• **Dataset records**:
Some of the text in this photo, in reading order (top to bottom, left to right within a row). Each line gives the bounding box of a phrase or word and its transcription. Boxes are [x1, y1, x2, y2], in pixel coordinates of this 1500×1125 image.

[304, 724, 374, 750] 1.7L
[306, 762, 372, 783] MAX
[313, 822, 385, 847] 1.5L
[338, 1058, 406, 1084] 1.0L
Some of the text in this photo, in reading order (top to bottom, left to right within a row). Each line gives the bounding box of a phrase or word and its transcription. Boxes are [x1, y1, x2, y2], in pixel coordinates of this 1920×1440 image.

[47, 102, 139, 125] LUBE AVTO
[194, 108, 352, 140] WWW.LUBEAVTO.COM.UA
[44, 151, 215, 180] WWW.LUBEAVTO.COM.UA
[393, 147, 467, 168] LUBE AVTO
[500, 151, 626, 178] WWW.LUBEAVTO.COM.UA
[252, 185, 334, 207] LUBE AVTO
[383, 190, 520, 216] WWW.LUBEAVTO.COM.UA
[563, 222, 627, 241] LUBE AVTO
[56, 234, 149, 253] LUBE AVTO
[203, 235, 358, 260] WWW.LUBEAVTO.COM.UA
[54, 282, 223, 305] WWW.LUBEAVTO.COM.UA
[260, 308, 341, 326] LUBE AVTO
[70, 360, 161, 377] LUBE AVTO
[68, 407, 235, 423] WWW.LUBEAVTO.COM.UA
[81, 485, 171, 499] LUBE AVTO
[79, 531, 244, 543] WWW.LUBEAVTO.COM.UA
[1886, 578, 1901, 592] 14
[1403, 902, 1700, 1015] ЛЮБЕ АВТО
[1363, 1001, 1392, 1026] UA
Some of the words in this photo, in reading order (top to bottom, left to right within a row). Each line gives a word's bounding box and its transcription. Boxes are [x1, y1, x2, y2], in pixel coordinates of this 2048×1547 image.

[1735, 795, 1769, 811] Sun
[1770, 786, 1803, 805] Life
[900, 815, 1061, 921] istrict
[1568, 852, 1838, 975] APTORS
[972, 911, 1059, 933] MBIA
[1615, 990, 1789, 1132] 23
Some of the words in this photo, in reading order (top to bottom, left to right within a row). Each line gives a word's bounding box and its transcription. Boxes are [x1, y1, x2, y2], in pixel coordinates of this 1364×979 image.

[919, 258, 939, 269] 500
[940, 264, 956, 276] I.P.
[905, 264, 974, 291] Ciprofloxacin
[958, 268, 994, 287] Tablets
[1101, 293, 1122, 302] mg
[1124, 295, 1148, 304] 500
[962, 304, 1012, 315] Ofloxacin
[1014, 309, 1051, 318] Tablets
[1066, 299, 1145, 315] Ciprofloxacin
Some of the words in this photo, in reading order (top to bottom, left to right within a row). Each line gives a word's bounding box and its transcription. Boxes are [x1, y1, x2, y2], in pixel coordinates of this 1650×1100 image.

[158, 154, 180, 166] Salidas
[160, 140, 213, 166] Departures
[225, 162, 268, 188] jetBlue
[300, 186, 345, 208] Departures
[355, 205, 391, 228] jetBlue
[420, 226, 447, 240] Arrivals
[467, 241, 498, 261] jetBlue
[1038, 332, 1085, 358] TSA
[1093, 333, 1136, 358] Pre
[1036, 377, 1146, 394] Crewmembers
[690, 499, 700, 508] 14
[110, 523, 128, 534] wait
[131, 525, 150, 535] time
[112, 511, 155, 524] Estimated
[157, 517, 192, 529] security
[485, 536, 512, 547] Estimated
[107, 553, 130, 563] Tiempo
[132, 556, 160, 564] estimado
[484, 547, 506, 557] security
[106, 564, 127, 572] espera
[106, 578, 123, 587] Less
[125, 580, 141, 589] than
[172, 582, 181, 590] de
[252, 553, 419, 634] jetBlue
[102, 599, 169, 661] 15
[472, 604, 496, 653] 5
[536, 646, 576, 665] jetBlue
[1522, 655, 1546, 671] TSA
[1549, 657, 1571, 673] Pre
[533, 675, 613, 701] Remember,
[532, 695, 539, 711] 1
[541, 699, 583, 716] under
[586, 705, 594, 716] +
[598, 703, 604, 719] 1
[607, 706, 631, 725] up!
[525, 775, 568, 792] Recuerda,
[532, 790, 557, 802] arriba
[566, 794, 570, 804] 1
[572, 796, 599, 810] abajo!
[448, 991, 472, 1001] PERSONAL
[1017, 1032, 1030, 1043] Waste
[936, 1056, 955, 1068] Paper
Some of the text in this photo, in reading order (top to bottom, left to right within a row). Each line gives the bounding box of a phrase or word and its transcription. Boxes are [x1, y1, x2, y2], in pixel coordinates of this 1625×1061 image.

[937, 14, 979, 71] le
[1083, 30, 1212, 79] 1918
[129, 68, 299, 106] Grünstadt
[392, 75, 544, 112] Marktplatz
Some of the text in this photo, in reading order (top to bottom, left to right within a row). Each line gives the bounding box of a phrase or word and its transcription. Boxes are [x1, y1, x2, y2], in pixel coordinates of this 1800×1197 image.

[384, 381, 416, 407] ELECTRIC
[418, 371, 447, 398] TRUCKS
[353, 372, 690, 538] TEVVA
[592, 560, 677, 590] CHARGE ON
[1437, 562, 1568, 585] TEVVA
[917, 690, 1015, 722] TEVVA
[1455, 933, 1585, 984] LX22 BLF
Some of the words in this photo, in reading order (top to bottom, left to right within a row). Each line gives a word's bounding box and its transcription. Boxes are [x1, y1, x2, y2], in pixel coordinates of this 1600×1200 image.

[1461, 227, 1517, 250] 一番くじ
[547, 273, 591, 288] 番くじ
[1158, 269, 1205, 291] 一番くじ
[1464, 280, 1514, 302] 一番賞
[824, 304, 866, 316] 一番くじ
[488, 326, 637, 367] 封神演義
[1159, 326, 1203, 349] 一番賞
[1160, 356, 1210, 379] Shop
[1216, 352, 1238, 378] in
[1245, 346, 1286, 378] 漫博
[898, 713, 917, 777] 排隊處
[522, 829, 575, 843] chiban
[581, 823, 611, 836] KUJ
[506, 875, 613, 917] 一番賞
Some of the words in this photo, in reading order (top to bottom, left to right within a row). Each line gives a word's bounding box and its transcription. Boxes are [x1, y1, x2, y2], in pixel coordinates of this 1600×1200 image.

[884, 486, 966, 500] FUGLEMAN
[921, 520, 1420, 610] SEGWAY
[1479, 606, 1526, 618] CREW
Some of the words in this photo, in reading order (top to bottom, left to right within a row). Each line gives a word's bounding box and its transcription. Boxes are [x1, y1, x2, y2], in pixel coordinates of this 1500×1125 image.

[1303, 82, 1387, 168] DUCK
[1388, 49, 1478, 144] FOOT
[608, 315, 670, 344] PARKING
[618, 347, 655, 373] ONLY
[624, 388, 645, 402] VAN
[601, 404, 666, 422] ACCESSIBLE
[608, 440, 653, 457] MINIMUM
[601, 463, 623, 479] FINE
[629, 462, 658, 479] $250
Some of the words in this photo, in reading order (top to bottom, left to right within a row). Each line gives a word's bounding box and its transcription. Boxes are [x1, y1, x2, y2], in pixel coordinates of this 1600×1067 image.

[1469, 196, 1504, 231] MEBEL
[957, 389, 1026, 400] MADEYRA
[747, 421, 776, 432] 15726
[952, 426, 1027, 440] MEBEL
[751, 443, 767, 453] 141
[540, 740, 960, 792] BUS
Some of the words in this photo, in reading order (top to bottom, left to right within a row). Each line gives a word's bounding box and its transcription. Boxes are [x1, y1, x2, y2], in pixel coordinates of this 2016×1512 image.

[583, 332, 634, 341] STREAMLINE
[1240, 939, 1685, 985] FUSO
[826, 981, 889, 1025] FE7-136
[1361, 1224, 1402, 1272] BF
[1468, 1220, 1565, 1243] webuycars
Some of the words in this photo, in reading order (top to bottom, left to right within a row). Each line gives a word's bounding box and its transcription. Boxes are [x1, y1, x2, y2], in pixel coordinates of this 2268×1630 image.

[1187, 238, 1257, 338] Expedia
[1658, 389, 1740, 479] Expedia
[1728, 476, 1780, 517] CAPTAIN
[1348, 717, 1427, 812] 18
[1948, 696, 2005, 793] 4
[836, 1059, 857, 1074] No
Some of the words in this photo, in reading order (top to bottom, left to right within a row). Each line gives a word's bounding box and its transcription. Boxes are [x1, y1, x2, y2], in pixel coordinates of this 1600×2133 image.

• **Task prompt**:
Set down, exactly as they appear, the line holding "this 1600×1067 image." and every line after it until the records end.

• **Result**:
Some of the words in this photo, in reading order (top to bottom, left to right within a row). Each line gives a word's bounding box and its transcription. Boxes are [x1, y1, x2, y2], in pixel coordinates of this 1600×1067 image.

[1469, 196, 1504, 231] MEBEL
[957, 389, 1026, 400] MADEYRA
[747, 421, 776, 432] 15726
[952, 426, 1027, 440] MEBEL
[751, 443, 767, 453] 141
[540, 740, 960, 792] BUS
Some of the words in this photo, in reading order (top to bottom, left to right within a row). Each line gives a word's bounding box and its transcription. Boxes are [x1, y1, x2, y2], in pixel coordinates of this 2016×1512 image.

[583, 332, 634, 341] STREAMLINE
[1240, 939, 1685, 985] FUSO
[826, 981, 889, 1025] FE7-136
[1361, 1224, 1402, 1272] BF
[1468, 1220, 1565, 1243] webuycars
Some of the words in this photo, in reading order (top to bottom, left to right within a row). Each line gives a word's bounding box and its transcription. Boxes are [x1, y1, x2, y2], in pixel coordinates of this 2268×1630 image.

[1187, 238, 1257, 338] Expedia
[1658, 389, 1740, 479] Expedia
[1728, 476, 1780, 517] CAPTAIN
[1348, 717, 1427, 812] 18
[1948, 696, 2005, 793] 4
[836, 1059, 857, 1074] No
Some of the words in this photo, in reading order (top to bottom, left to right within a row). Each line gives a word's bounding box and its transcription. Boxes are [x1, y1, x2, y2], in pixel coordinates of this 1600×2133 image.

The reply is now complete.